China’s outwards investment and Belt and Road initiative will have an increasing influence in Middle East markets
China’s overseas investment plans are busily transforming the economies of countries across Africa, Asia Pacific markets and into Europe. In particular, the Belt and Road initiative (B&R) has attracted much publicity, but its effects have, so far, been limited in the Middle East.
The total stock of China’s outwards foreign direct investment (FDI) has reached some $1.809trn, of which $30bn is in the Middle East and North Africa (MENA) and $173bn is officially part of the B&R initiative.
Jindong Xu, an expert consultant at the Insurance Association of China, gives an update on the impact of B&R and the country’s broader overseas investment plans.
“In respect of FDI stock, the top 5 countries are UAE, Israel, Iran, Saudi Arabia and Ethiopia in MENA,” Xu tells GR. “According to the Ministry of Commerce of China, in 2017 the flow of China’s outwards FDI was $158bn, about $1.8bn of which goes to Middle East and North African countries, and $20.2bn goes to B&R countries.”
The top recipients of Chinese FDI within the MENA region and its neighbouring markets are the UAE, Israel, Iran, Saudi Arabia and Ethiopia, Xu explains.
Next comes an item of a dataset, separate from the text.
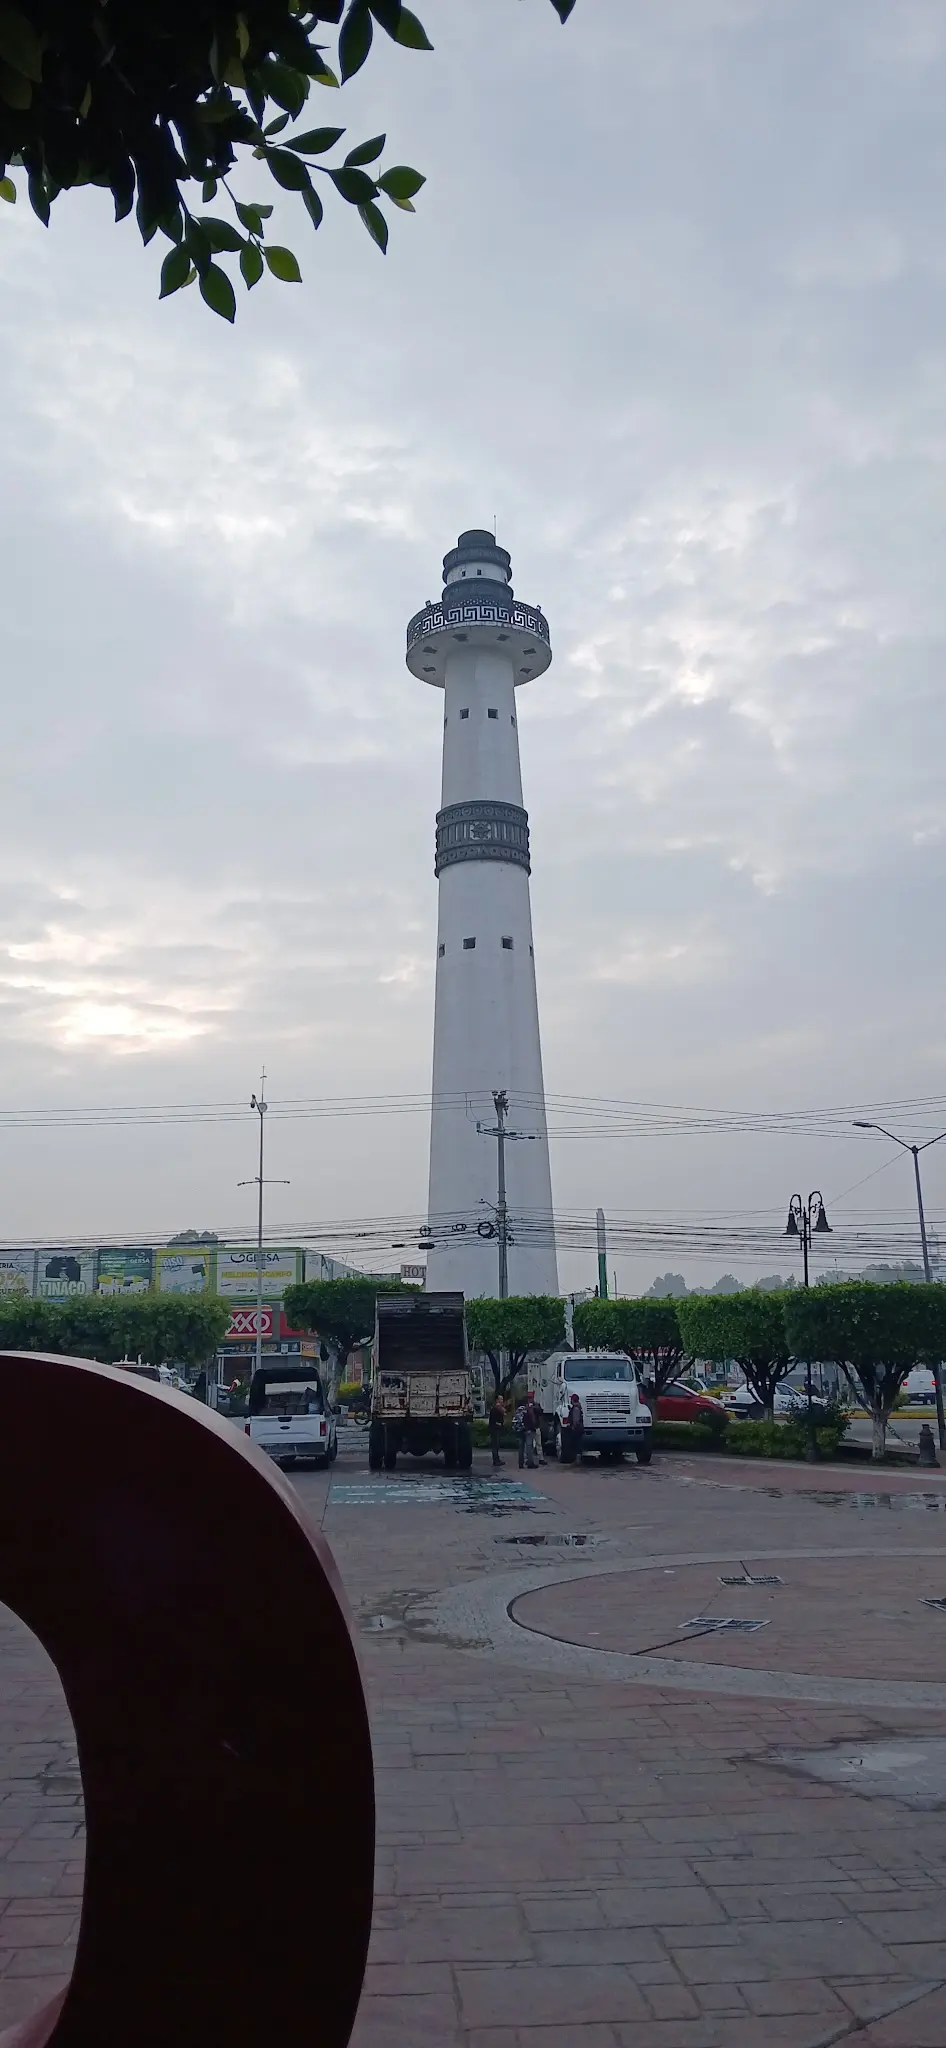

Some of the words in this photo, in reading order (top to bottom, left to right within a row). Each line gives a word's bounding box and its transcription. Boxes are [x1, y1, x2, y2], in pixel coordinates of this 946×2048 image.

[245, 1254, 280, 1262] GESA
[40, 1281, 86, 1296] TINACO
[226, 1311, 271, 1333] XXO
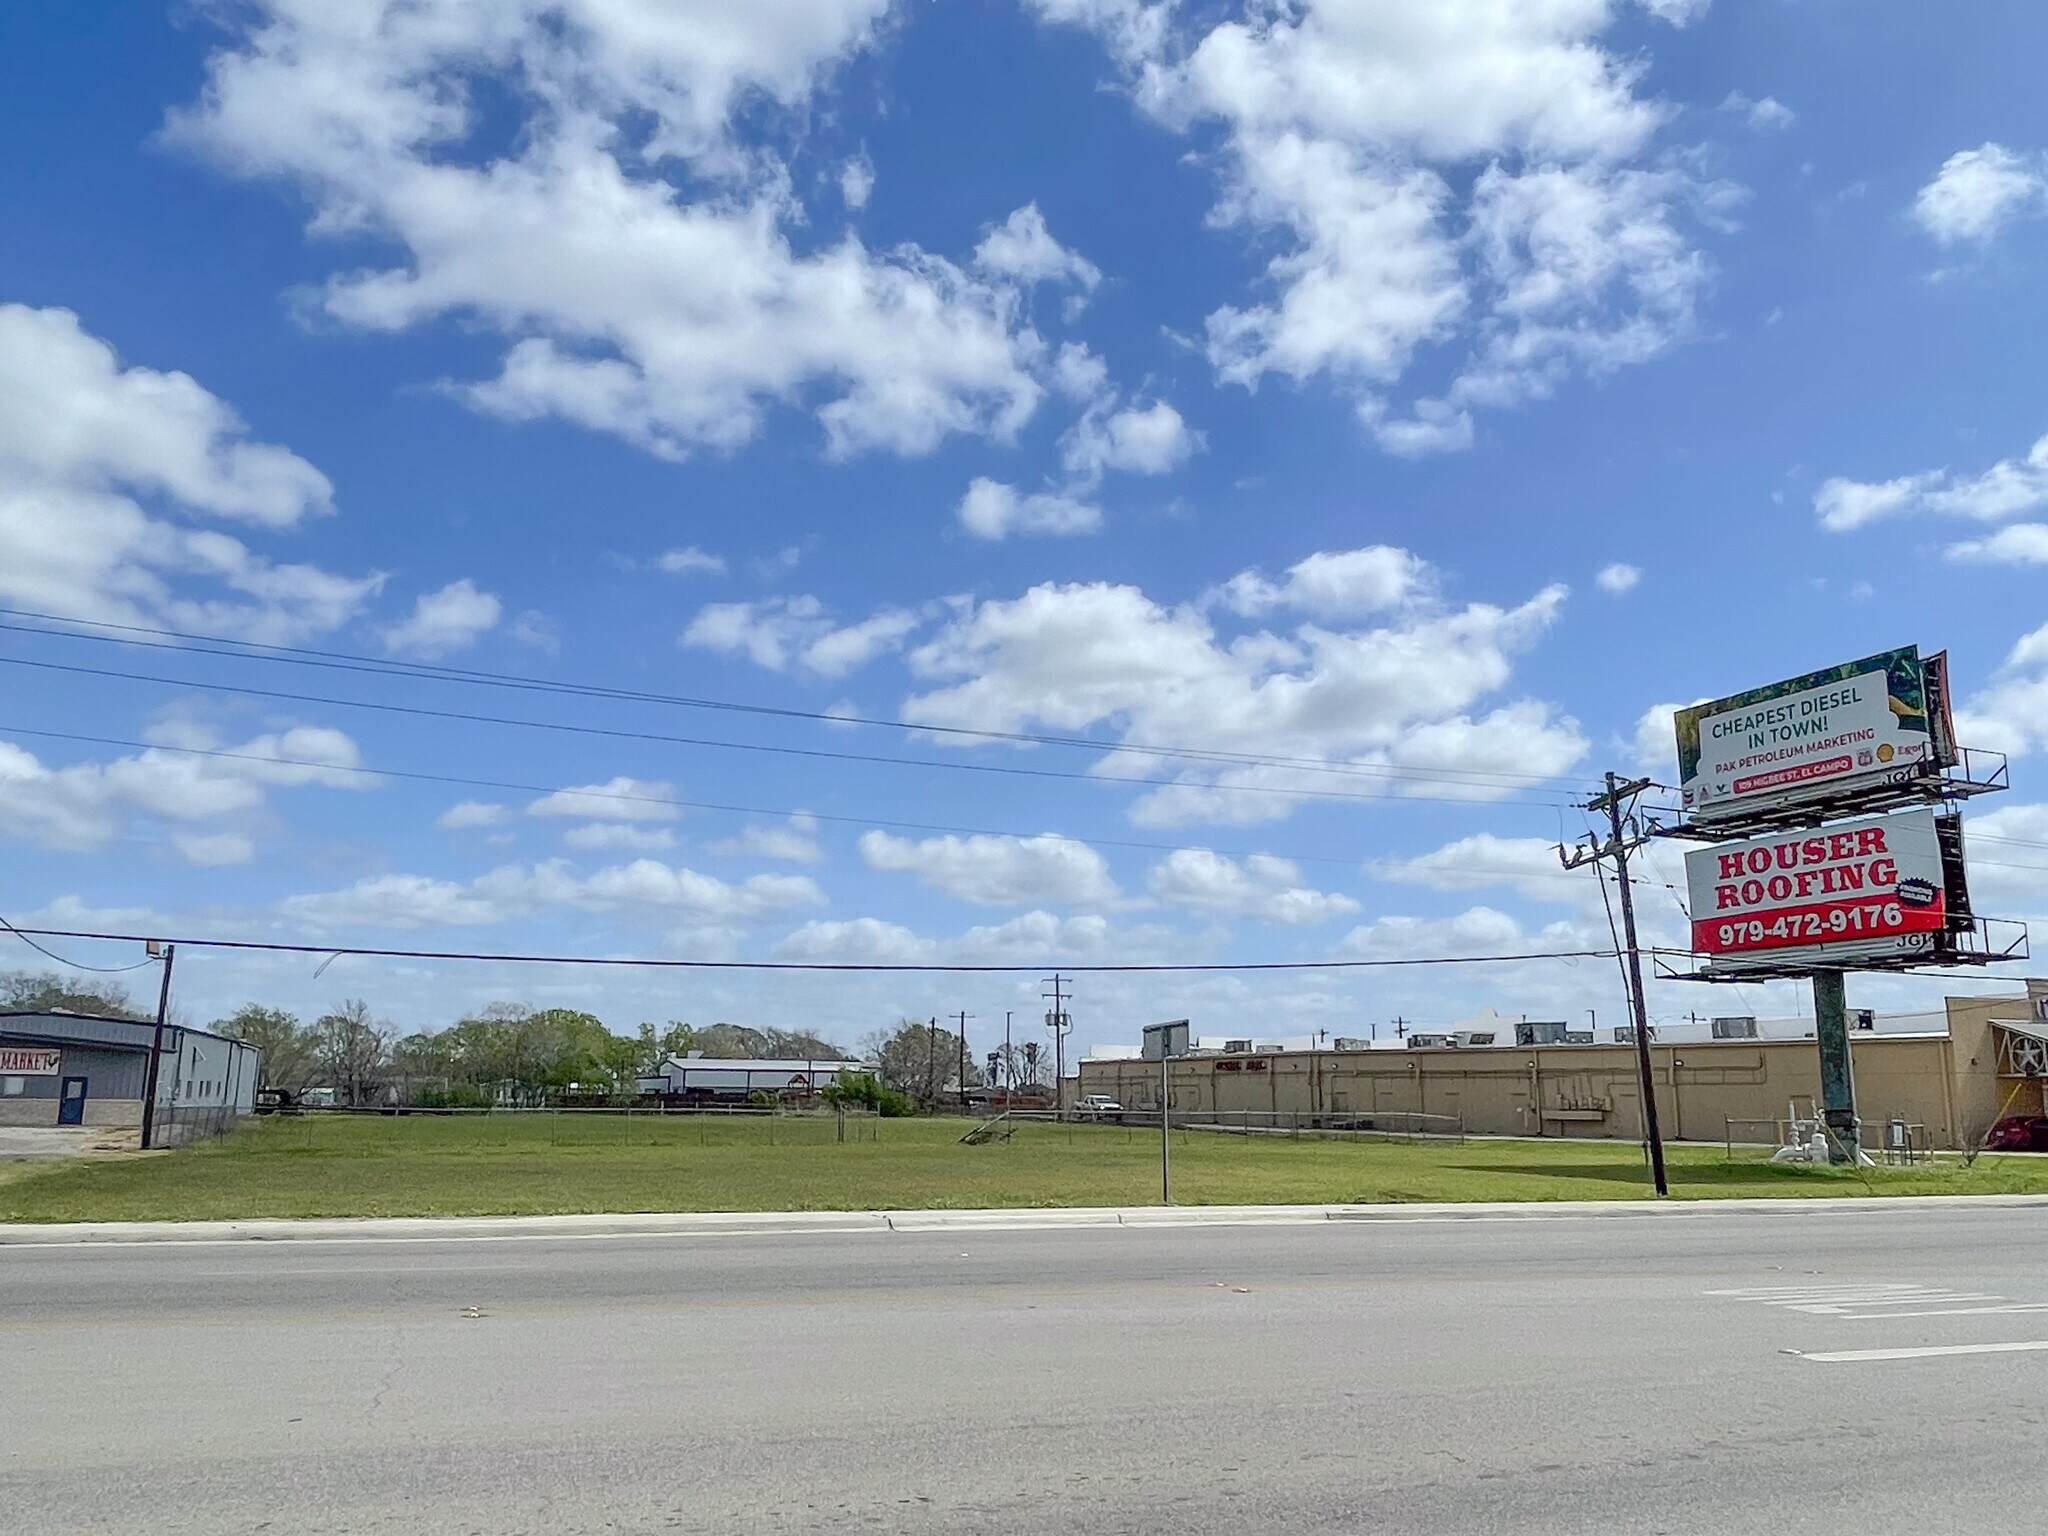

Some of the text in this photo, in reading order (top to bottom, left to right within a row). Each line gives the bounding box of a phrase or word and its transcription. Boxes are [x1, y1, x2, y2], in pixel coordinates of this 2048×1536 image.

B&R investments are mainly focused “on the areas of infrastructure, exploitation of resources, power generation and manufacturing”, he adds.
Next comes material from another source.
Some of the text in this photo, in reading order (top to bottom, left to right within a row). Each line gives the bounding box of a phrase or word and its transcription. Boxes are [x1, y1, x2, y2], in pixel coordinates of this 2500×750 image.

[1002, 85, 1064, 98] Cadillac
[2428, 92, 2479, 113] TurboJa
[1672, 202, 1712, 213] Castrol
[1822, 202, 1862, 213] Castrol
Big Chinese insurers, such as PICC, Ping An, Taiping and Huatai, do much of the business, backed by big international re/insurers, such as Swiss Re, Munich Re, Scor, CV Starr, Chubb and AIG.
Different factors influence the re/insurance of China’s FDI projects, Xu explains. Local insurers could do business if they appear attractive under local regulatory rules, if local insurers and brokers can provide services in Chinese, pricing and terms and conditions, and attitude to claims settlement.